YOUR INSTRUCTIONS ::
Every line below must be copied as written, except for pictures.

Content starts

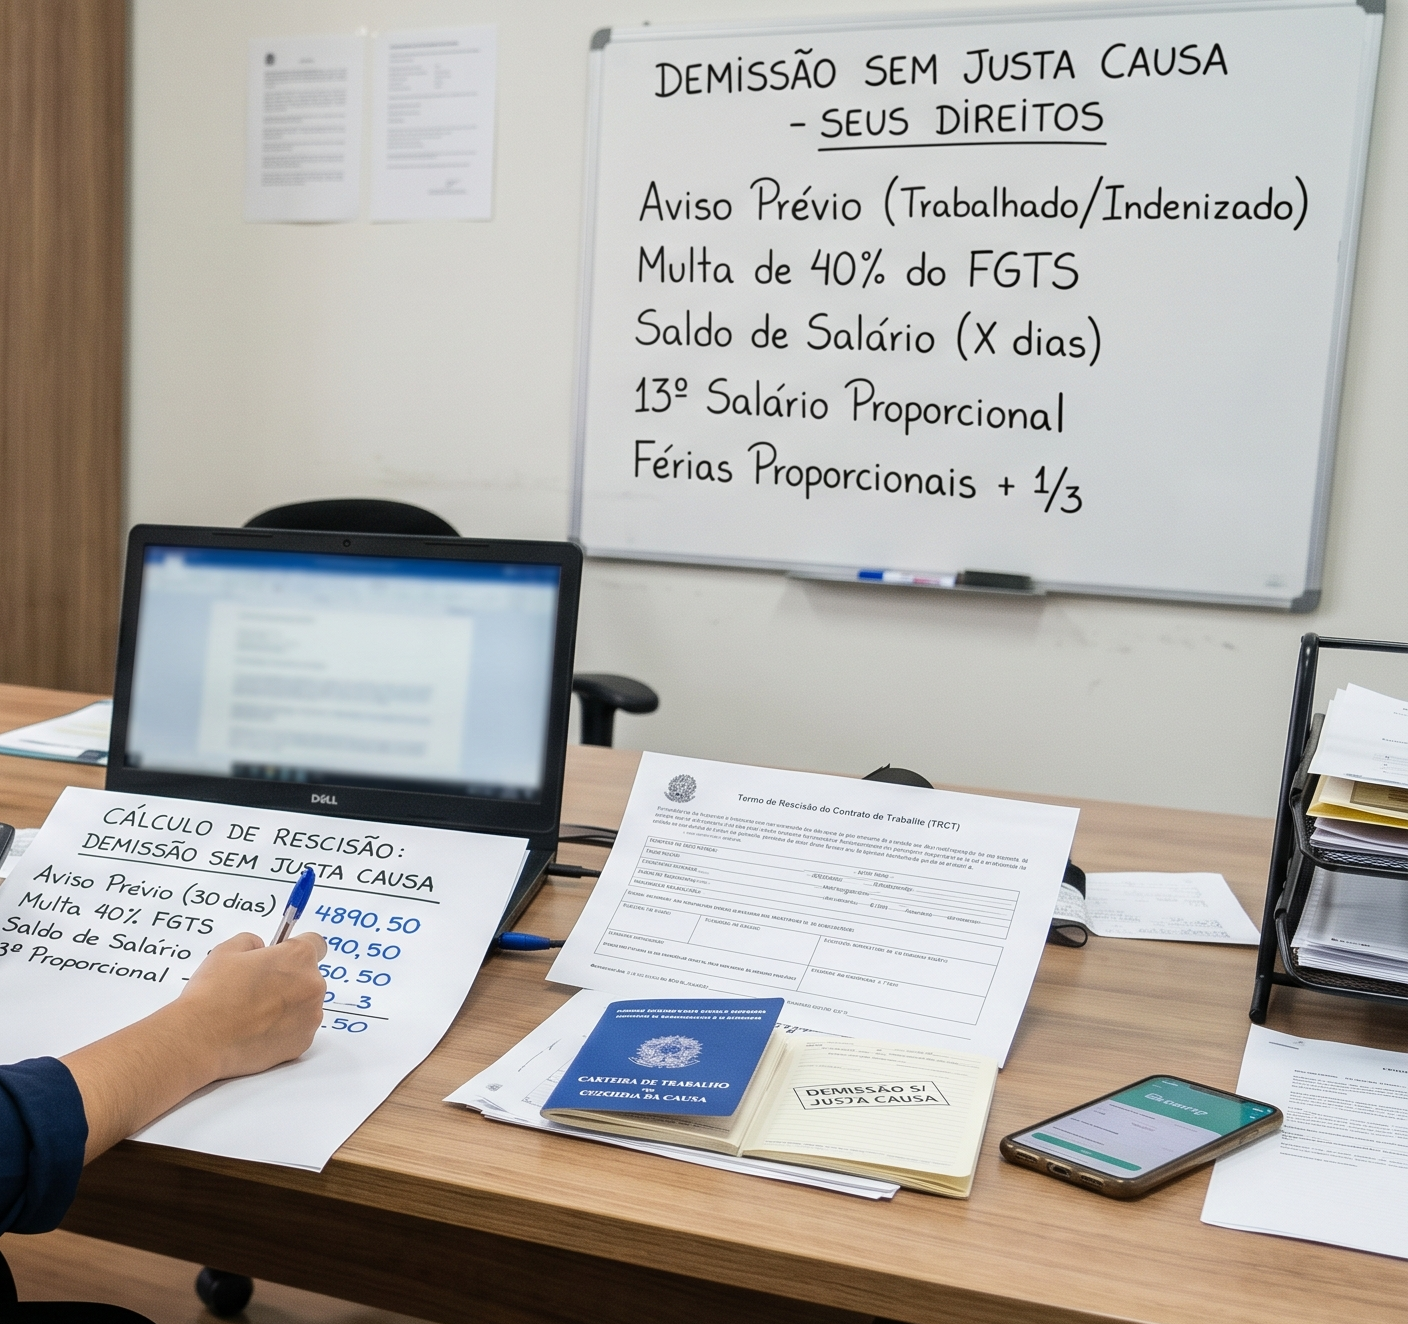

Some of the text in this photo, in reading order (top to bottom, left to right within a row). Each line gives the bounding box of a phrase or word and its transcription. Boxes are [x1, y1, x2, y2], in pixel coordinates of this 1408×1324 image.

[654, 42, 1229, 99] DEMISSÃO SEM JUSTA CAUSA
[820, 106, 909, 139] SEUS
[935, 97, 1104, 136] DIREITOS
[638, 174, 1309, 232] Aviso Prévio (Trabalhado/Indenizado)
[638, 245, 1080, 291] Multa de 40% do FGTS
[634, 308, 1101, 368] Saldo de Salário (X dias)
[634, 376, 1064, 437] 13º Salário Proporcional
[634, 439, 733, 484] Férias
[747, 440, 977, 501] Proporcionais
[1033, 465, 1083, 514] 1/3
[311, 793, 338, 805] DELL
[766, 798, 777, 806] de
[819, 805, 831, 814] do
[832, 806, 871, 819] Contrato
[872, 812, 884, 821] de
[927, 819, 961, 833] (TRCT)
[103, 803, 405, 860] CÁLCULO DE RESCISÃO:
[81, 832, 434, 893] DEMISSÃO SEM JUSTA CAUSA
[17, 891, 214, 935] Multa 40% FGTS
[32, 864, 277, 918] Aviso Prévio (30 dias)
[1, 916, 192, 960] Saldo de Salário
[322, 934, 402, 960] 90,50
[27, 945, 170, 983] Proporcional
[639, 1078, 659, 1086] DE
[874, 1095, 939, 1104] CAUSA
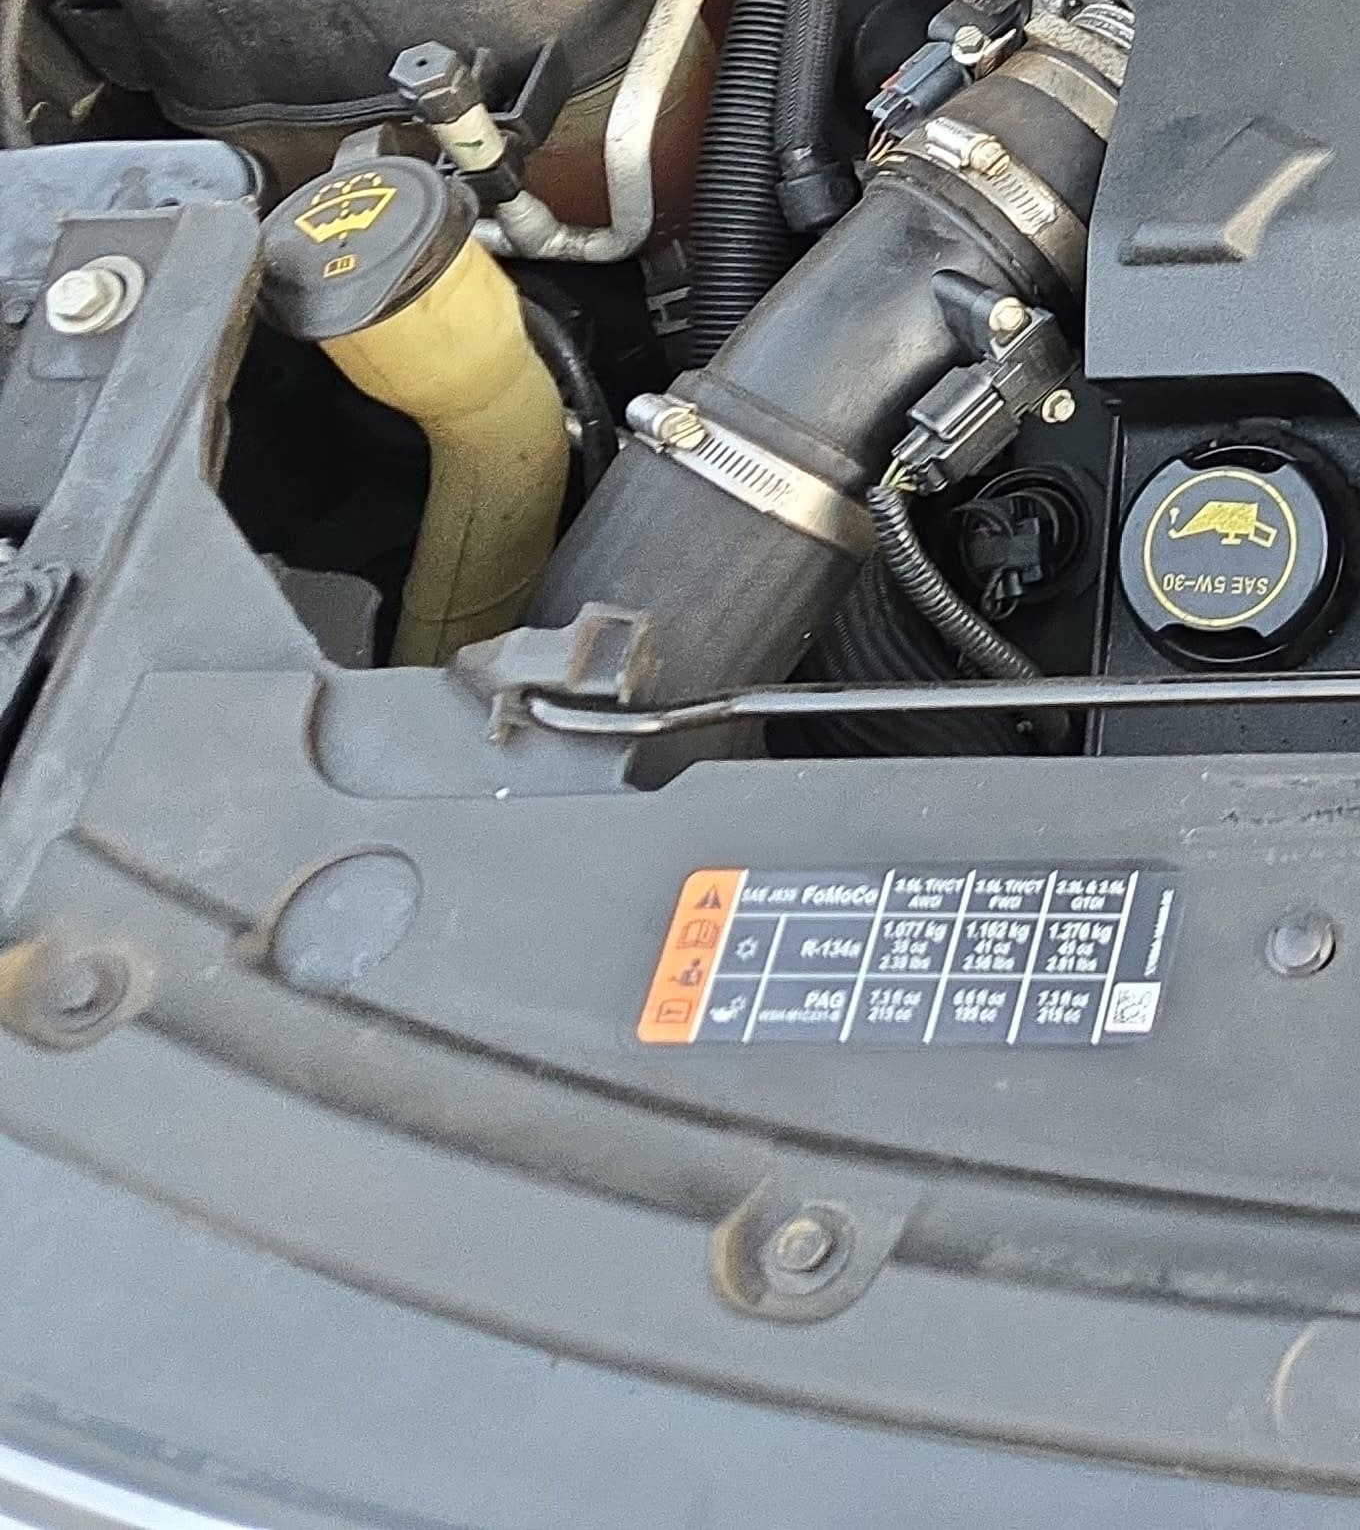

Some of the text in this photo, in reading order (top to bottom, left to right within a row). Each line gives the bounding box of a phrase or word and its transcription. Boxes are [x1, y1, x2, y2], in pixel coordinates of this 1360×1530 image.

[1162, 573, 1269, 595] SAE 5W-30
[801, 883, 879, 906] FoMoCo
[908, 894, 944, 909] AWD
[988, 895, 1023, 910] FWD
[883, 921, 948, 943] 1.077 kg
[1008, 921, 1031, 944] kg
[1092, 922, 1114, 944] kg
[800, 937, 862, 959] R-134a
[911, 941, 929, 954] oz
[973, 940, 1013, 955] 41 oz
[1077, 942, 1096, 956] oz
[804, 988, 847, 1009] PAG
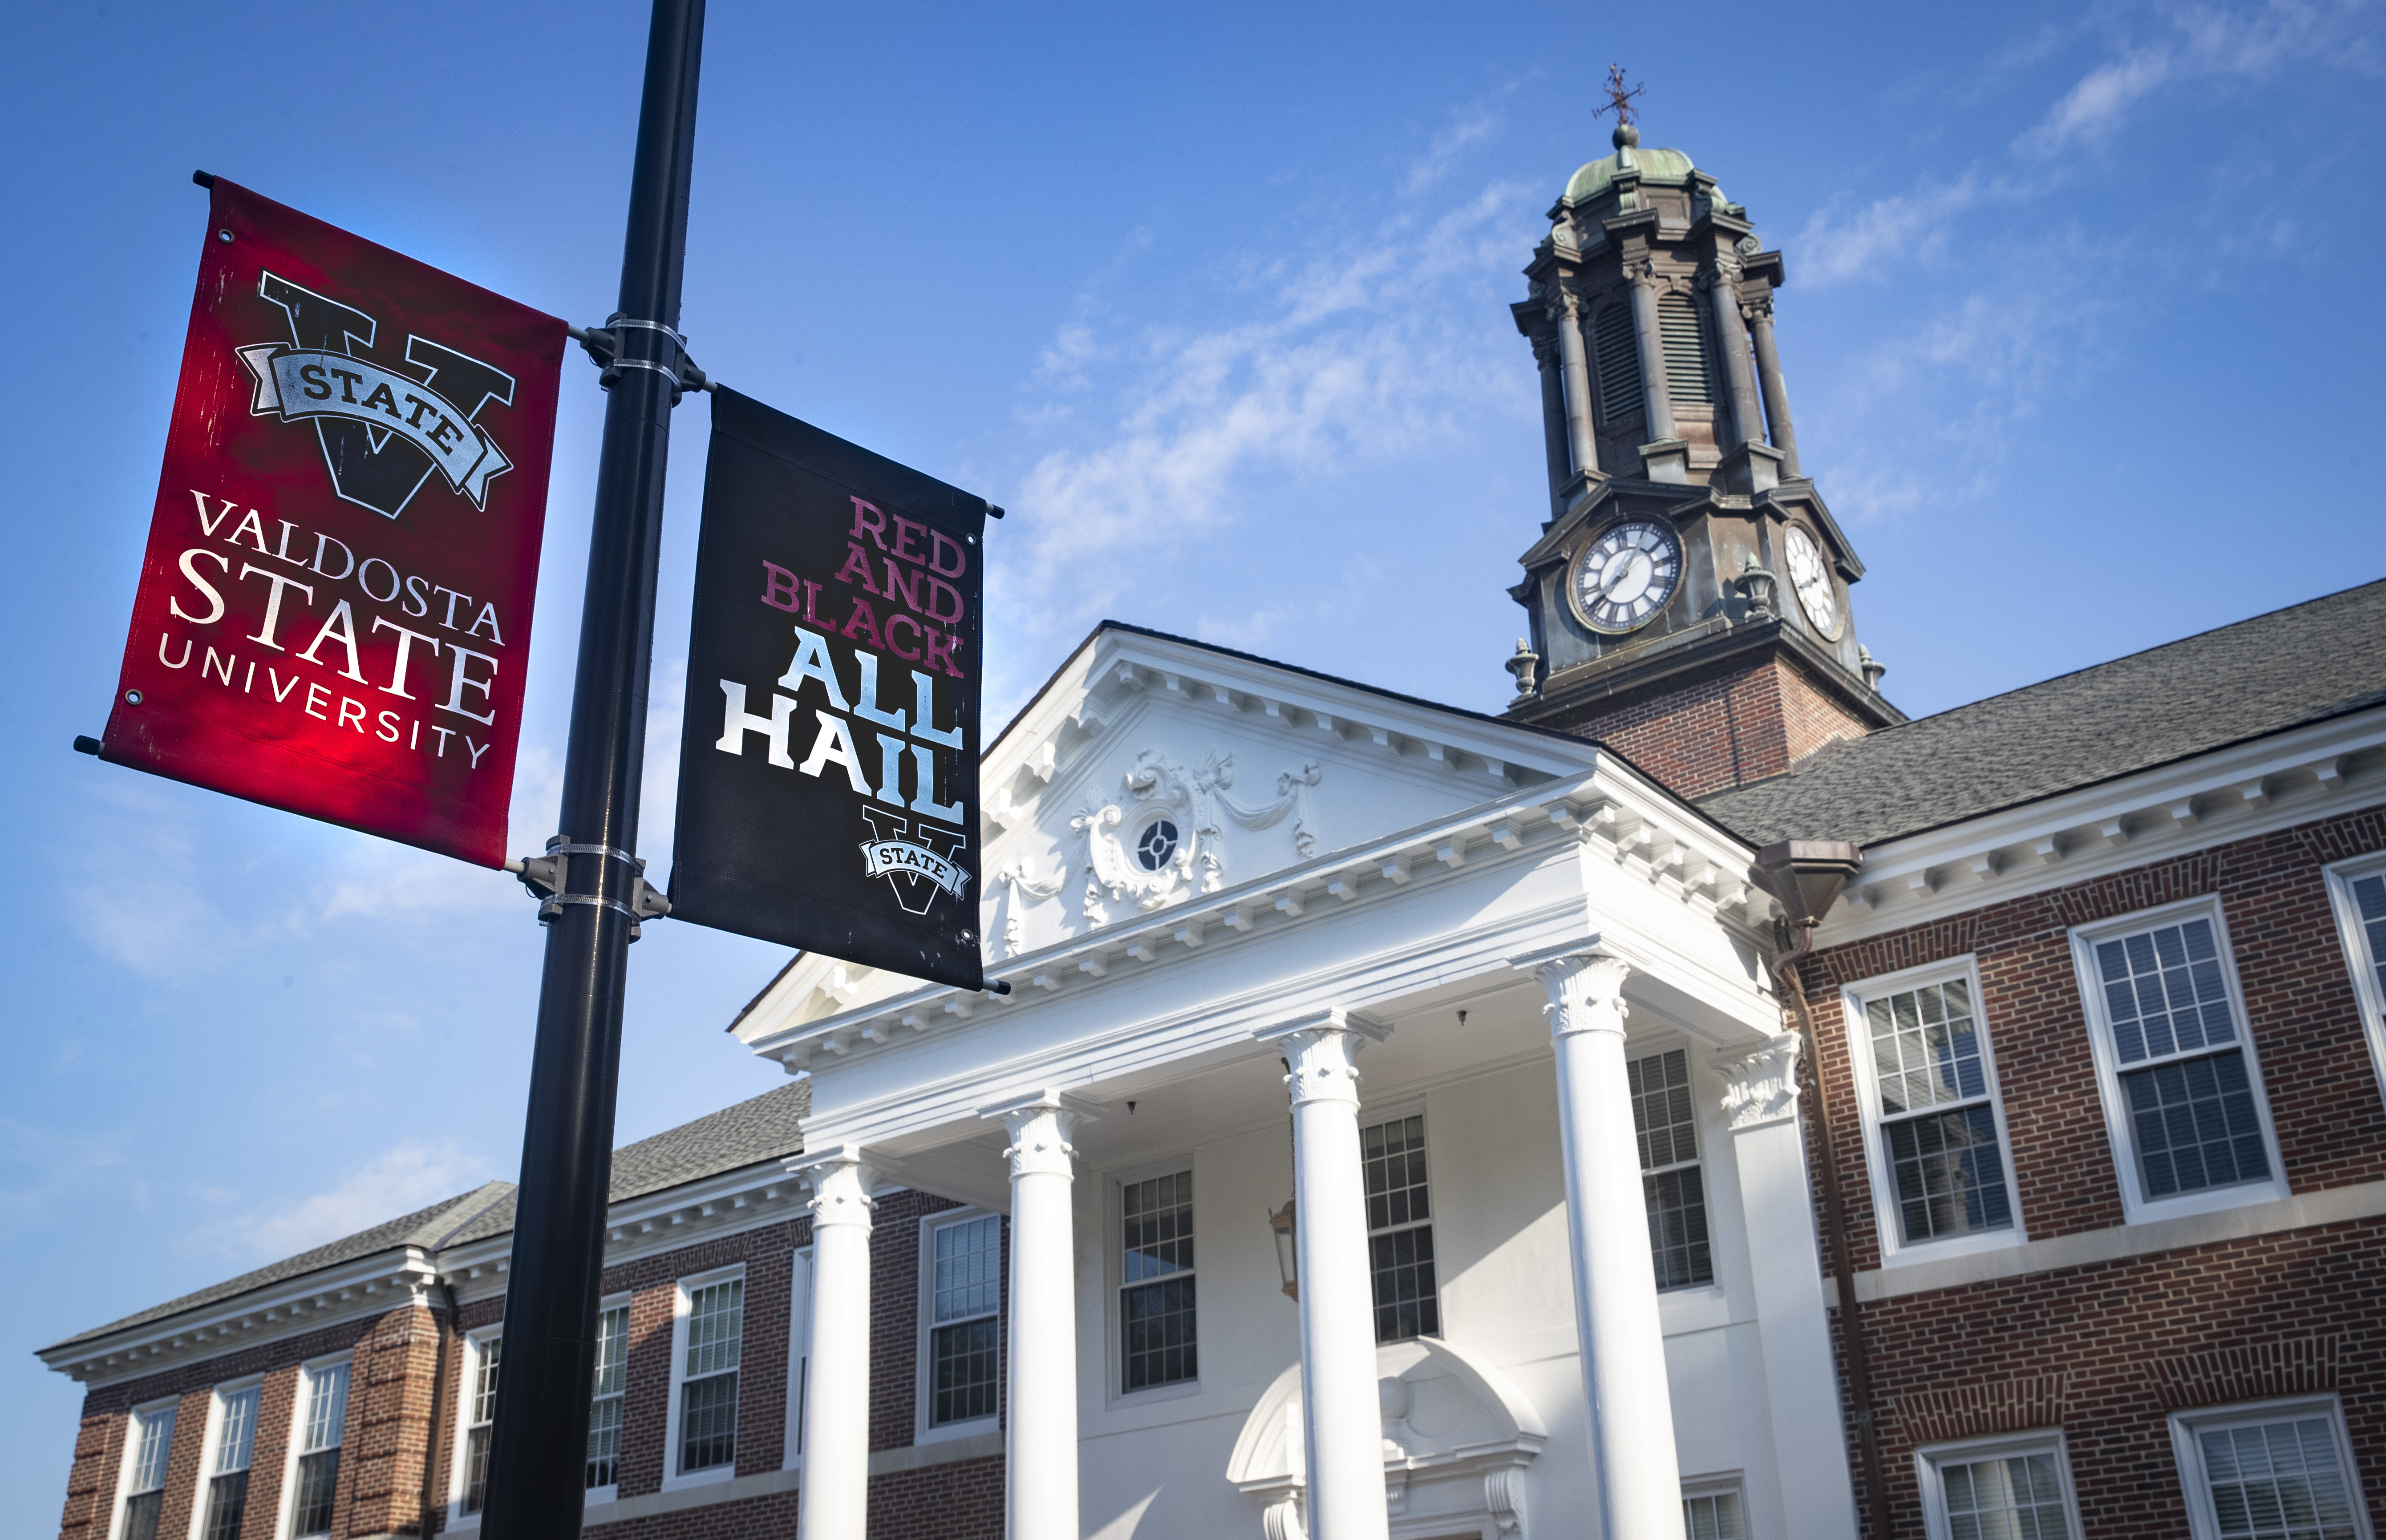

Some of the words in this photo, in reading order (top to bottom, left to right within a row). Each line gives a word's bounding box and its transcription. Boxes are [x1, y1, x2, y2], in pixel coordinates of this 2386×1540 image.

Content ends

SOLUTION TO THE PROBLEM ::
Some of the text in this photo, in reading order (top to bottom, left to right within a row). Each line gives the bounding box of a phrase or word and its transcription. Boxes are [x1, y1, x2, y2], in pixel coordinates of this 1408×1324 image.

[654, 42, 1229, 99] DEMISSÃO SEM JUSTA CAUSA
[820, 106, 909, 139] SEUS
[935, 97, 1104, 136] DIREITOS
[638, 174, 1309, 232] Aviso Prévio (Trabalhado/Indenizado)
[638, 245, 1080, 291] Multa de 40% do FGTS
[634, 308, 1101, 368] Saldo de Salário (X dias)
[634, 376, 1064, 437] 13º Salário Proporcional
[634, 439, 733, 484] Férias
[747, 440, 977, 501] Proporcionais
[1033, 465, 1083, 514] 1/3
[311, 793, 338, 805] DELL
[766, 798, 777, 806] de
[819, 805, 831, 814] do
[832, 806, 871, 819] Contrato
[872, 812, 884, 821] de
[927, 819, 961, 833] (TRCT)
[103, 803, 405, 860] CÁLCULO DE RESCISÃO:
[81, 832, 434, 893] DEMISSÃO SEM JUSTA CAUSA
[17, 891, 214, 935] Multa 40% FGTS
[32, 864, 277, 918] Aviso Prévio (30 dias)
[1, 916, 192, 960] Saldo de Salário
[322, 934, 402, 960] 90,50
[27, 945, 170, 983] Proporcional
[639, 1078, 659, 1086] DE
[874, 1095, 939, 1104] CAUSA

Some of the text in this photo, in reading order (top to bottom, left to right within a row). Each line gives the bounding box of a phrase or word and its transcription. Boxes are [x1, y1, x2, y2], in pixel coordinates of this 1360×1530 image.

[1162, 573, 1269, 595] SAE 5W-30
[801, 883, 879, 906] FoMoCo
[908, 894, 944, 909] AWD
[988, 895, 1023, 910] FWD
[883, 921, 948, 943] 1.077 kg
[1008, 921, 1031, 944] kg
[1092, 922, 1114, 944] kg
[800, 937, 862, 959] R-134a
[911, 941, 929, 954] oz
[973, 940, 1013, 955] 41 oz
[1077, 942, 1096, 956] oz
[804, 988, 847, 1009] PAG

Some of the words in this photo, in reading order (top to bottom, left to right within a row). Each line gives a word's bounding box and its transcription. Boxes are [x1, y1, x2, y2], in pixel coordinates of this 2386×1540 image.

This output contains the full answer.